- Exercise directions: The listing below is to be reproduced in full, character for character.

START Data records

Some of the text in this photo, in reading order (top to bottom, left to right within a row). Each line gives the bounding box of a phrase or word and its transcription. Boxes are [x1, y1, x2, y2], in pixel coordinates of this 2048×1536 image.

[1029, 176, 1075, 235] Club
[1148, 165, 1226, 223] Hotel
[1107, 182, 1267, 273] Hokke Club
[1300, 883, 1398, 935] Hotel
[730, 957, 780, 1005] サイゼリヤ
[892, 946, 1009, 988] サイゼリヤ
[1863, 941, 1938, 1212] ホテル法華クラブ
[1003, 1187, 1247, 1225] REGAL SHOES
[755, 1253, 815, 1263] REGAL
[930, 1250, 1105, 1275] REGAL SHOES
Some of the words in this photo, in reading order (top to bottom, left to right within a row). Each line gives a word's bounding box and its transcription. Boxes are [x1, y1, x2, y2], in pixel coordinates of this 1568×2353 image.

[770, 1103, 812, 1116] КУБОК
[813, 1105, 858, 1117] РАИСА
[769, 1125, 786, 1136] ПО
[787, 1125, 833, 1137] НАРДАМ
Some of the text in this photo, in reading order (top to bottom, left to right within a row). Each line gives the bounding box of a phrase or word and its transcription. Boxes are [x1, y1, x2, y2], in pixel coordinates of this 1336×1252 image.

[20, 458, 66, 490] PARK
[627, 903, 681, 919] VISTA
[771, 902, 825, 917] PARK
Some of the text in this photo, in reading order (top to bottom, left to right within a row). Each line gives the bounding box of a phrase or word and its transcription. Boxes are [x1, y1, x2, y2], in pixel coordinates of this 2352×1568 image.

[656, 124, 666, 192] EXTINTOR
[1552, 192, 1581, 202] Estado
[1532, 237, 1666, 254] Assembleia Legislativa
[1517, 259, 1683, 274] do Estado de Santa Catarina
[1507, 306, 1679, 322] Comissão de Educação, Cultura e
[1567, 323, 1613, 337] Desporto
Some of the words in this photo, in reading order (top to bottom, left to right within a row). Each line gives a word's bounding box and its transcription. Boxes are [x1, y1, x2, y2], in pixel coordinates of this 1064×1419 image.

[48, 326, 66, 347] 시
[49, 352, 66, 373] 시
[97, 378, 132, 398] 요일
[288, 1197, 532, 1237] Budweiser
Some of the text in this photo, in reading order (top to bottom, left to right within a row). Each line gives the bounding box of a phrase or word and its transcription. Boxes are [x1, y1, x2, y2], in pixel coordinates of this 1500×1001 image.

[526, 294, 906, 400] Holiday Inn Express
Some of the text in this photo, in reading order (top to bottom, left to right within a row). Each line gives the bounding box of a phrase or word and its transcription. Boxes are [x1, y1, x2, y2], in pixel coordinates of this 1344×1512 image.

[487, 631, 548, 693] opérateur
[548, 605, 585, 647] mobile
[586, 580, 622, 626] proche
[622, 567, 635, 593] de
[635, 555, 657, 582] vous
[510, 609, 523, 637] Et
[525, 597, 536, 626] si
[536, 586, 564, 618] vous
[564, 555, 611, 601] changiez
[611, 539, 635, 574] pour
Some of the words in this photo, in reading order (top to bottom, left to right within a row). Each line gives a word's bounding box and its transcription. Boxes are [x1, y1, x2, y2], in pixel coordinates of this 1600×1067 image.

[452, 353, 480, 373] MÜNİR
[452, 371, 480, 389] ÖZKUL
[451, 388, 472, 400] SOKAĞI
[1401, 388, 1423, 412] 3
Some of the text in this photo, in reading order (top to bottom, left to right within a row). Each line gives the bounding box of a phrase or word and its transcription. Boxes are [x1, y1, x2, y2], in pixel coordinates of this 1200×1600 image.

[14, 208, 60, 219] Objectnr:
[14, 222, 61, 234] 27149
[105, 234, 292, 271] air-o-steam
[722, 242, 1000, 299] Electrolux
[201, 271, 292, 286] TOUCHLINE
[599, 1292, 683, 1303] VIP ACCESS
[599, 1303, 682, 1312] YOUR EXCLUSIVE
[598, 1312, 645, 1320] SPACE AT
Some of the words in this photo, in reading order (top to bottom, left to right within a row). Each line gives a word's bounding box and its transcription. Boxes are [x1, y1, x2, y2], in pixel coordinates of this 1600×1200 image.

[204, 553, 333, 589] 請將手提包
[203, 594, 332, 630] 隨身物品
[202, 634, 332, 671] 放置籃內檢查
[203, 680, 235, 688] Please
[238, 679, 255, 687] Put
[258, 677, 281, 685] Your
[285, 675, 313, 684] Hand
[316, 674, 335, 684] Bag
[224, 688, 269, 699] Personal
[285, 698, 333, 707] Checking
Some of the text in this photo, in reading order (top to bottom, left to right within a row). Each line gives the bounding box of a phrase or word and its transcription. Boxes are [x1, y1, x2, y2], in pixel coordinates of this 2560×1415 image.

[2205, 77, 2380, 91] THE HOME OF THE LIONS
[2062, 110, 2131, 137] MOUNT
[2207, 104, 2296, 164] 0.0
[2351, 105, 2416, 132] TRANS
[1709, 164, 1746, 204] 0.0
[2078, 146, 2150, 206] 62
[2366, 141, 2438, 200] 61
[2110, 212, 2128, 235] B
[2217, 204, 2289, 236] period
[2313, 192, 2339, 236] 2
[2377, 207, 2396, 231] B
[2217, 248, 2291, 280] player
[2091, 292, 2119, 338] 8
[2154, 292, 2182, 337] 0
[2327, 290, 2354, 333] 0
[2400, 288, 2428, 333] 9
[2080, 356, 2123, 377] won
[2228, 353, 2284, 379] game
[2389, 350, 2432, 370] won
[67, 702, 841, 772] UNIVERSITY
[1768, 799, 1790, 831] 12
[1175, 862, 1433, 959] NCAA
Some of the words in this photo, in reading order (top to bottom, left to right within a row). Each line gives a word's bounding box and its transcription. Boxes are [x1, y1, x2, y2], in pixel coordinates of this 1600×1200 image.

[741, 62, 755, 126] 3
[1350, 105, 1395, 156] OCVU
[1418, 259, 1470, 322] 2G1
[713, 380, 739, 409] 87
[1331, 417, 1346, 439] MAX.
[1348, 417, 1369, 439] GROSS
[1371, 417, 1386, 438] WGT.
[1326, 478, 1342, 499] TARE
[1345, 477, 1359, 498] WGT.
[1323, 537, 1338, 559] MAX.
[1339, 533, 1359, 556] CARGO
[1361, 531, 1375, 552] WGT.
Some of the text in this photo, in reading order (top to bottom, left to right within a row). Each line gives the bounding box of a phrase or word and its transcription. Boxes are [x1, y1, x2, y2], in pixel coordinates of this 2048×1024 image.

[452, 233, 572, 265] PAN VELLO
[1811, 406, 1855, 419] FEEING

END Data records

- Worked solution:
Some of the text in this photo, in reading order (top to bottom, left to right within a row). Each line gives the bounding box of a phrase or word and its transcription. Boxes are [x1, y1, x2, y2], in pixel coordinates of this 2048×1536 image.

[1029, 176, 1075, 235] Club
[1148, 165, 1226, 223] Hotel
[1107, 182, 1267, 273] Hokke Club
[1300, 883, 1398, 935] Hotel
[730, 957, 780, 1005] サイゼリヤ
[892, 946, 1009, 988] サイゼリヤ
[1863, 941, 1938, 1212] ホテル法華クラブ
[1003, 1187, 1247, 1225] REGAL SHOES
[755, 1253, 815, 1263] REGAL
[930, 1250, 1105, 1275] REGAL SHOES
Some of the words in this photo, in reading order (top to bottom, left to right within a row). Each line gives a word's bounding box and its transcription. Boxes are [x1, y1, x2, y2], in pixel coordinates of this 1568×2353 image.

[770, 1103, 812, 1116] КУБОК
[813, 1105, 858, 1117] РАИСА
[769, 1125, 786, 1136] ПО
[787, 1125, 833, 1137] НАРДАМ
Some of the text in this photo, in reading order (top to bottom, left to right within a row). Each line gives the bounding box of a phrase or word and its transcription. Boxes are [x1, y1, x2, y2], in pixel coordinates of this 1336×1252 image.

[20, 458, 66, 490] PARK
[627, 903, 681, 919] VISTA
[771, 902, 825, 917] PARK
Some of the text in this photo, in reading order (top to bottom, left to right within a row). Each line gives the bounding box of a phrase or word and its transcription. Boxes are [x1, y1, x2, y2], in pixel coordinates of this 2352×1568 image.

[656, 124, 666, 192] EXTINTOR
[1552, 192, 1581, 202] Estado
[1532, 237, 1666, 254] Assembleia Legislativa
[1517, 259, 1683, 274] do Estado de Santa Catarina
[1507, 306, 1679, 322] Comissão de Educação, Cultura e
[1567, 323, 1613, 337] Desporto
Some of the words in this photo, in reading order (top to bottom, left to right within a row). Each line gives a word's bounding box and its transcription. Boxes are [x1, y1, x2, y2], in pixel coordinates of this 1064×1419 image.

[48, 326, 66, 347] 시
[49, 352, 66, 373] 시
[97, 378, 132, 398] 요일
[288, 1197, 532, 1237] Budweiser
Some of the text in this photo, in reading order (top to bottom, left to right within a row). Each line gives the bounding box of a phrase or word and its transcription. Boxes are [x1, y1, x2, y2], in pixel coordinates of this 1500×1001 image.

[526, 294, 906, 400] Holiday Inn Express
Some of the text in this photo, in reading order (top to bottom, left to right within a row). Each line gives the bounding box of a phrase or word and its transcription. Boxes are [x1, y1, x2, y2], in pixel coordinates of this 1344×1512 image.

[487, 631, 548, 693] opérateur
[548, 605, 585, 647] mobile
[586, 580, 622, 626] proche
[622, 567, 635, 593] de
[635, 555, 657, 582] vous
[510, 609, 523, 637] Et
[525, 597, 536, 626] si
[536, 586, 564, 618] vous
[564, 555, 611, 601] changiez
[611, 539, 635, 574] pour
Some of the words in this photo, in reading order (top to bottom, left to right within a row). Each line gives a word's bounding box and its transcription. Boxes are [x1, y1, x2, y2], in pixel coordinates of this 1600×1067 image.

[452, 353, 480, 373] MÜNİR
[452, 371, 480, 389] ÖZKUL
[451, 388, 472, 400] SOKAĞI
[1401, 388, 1423, 412] 3
Some of the text in this photo, in reading order (top to bottom, left to right within a row). Each line gives the bounding box of a phrase or word and its transcription. Boxes are [x1, y1, x2, y2], in pixel coordinates of this 1200×1600 image.

[14, 208, 60, 219] Objectnr:
[14, 222, 61, 234] 27149
[105, 234, 292, 271] air-o-steam
[722, 242, 1000, 299] Electrolux
[201, 271, 292, 286] TOUCHLINE
[599, 1292, 683, 1303] VIP ACCESS
[599, 1303, 682, 1312] YOUR EXCLUSIVE
[598, 1312, 645, 1320] SPACE AT
Some of the words in this photo, in reading order (top to bottom, left to right within a row). Each line gives a word's bounding box and its transcription. Boxes are [x1, y1, x2, y2], in pixel coordinates of this 1600×1200 image.

[204, 553, 333, 589] 請將手提包
[203, 594, 332, 630] 隨身物品
[202, 634, 332, 671] 放置籃內檢查
[203, 680, 235, 688] Please
[238, 679, 255, 687] Put
[258, 677, 281, 685] Your
[285, 675, 313, 684] Hand
[316, 674, 335, 684] Bag
[224, 688, 269, 699] Personal
[285, 698, 333, 707] Checking
Some of the text in this photo, in reading order (top to bottom, left to right within a row). Each line gives the bounding box of a phrase or word and its transcription. Boxes are [x1, y1, x2, y2], in pixel coordinates of this 2560×1415 image.

[2205, 77, 2380, 91] THE HOME OF THE LIONS
[2062, 110, 2131, 137] MOUNT
[2207, 104, 2296, 164] 0.0
[2351, 105, 2416, 132] TRANS
[1709, 164, 1746, 204] 0.0
[2078, 146, 2150, 206] 62
[2366, 141, 2438, 200] 61
[2110, 212, 2128, 235] B
[2217, 204, 2289, 236] period
[2313, 192, 2339, 236] 2
[2377, 207, 2396, 231] B
[2217, 248, 2291, 280] player
[2091, 292, 2119, 338] 8
[2154, 292, 2182, 337] 0
[2327, 290, 2354, 333] 0
[2400, 288, 2428, 333] 9
[2080, 356, 2123, 377] won
[2228, 353, 2284, 379] game
[2389, 350, 2432, 370] won
[67, 702, 841, 772] UNIVERSITY
[1768, 799, 1790, 831] 12
[1175, 862, 1433, 959] NCAA
Some of the words in this photo, in reading order (top to bottom, left to right within a row). Each line gives a word's bounding box and its transcription. Boxes are [x1, y1, x2, y2], in pixel coordinates of this 1600×1200 image.

[741, 62, 755, 126] 3
[1350, 105, 1395, 156] OCVU
[1418, 259, 1470, 322] 2G1
[713, 380, 739, 409] 87
[1331, 417, 1346, 439] MAX.
[1348, 417, 1369, 439] GROSS
[1371, 417, 1386, 438] WGT.
[1326, 478, 1342, 499] TARE
[1345, 477, 1359, 498] WGT.
[1323, 537, 1338, 559] MAX.
[1339, 533, 1359, 556] CARGO
[1361, 531, 1375, 552] WGT.
Some of the text in this photo, in reading order (top to bottom, left to right within a row). Each line gives the bounding box of a phrase or word and its transcription. Boxes are [x1, y1, x2, y2], in pixel coordinates of this 2048×1024 image.

[452, 233, 572, 265] PAN VELLO
[1811, 406, 1855, 419] FEEING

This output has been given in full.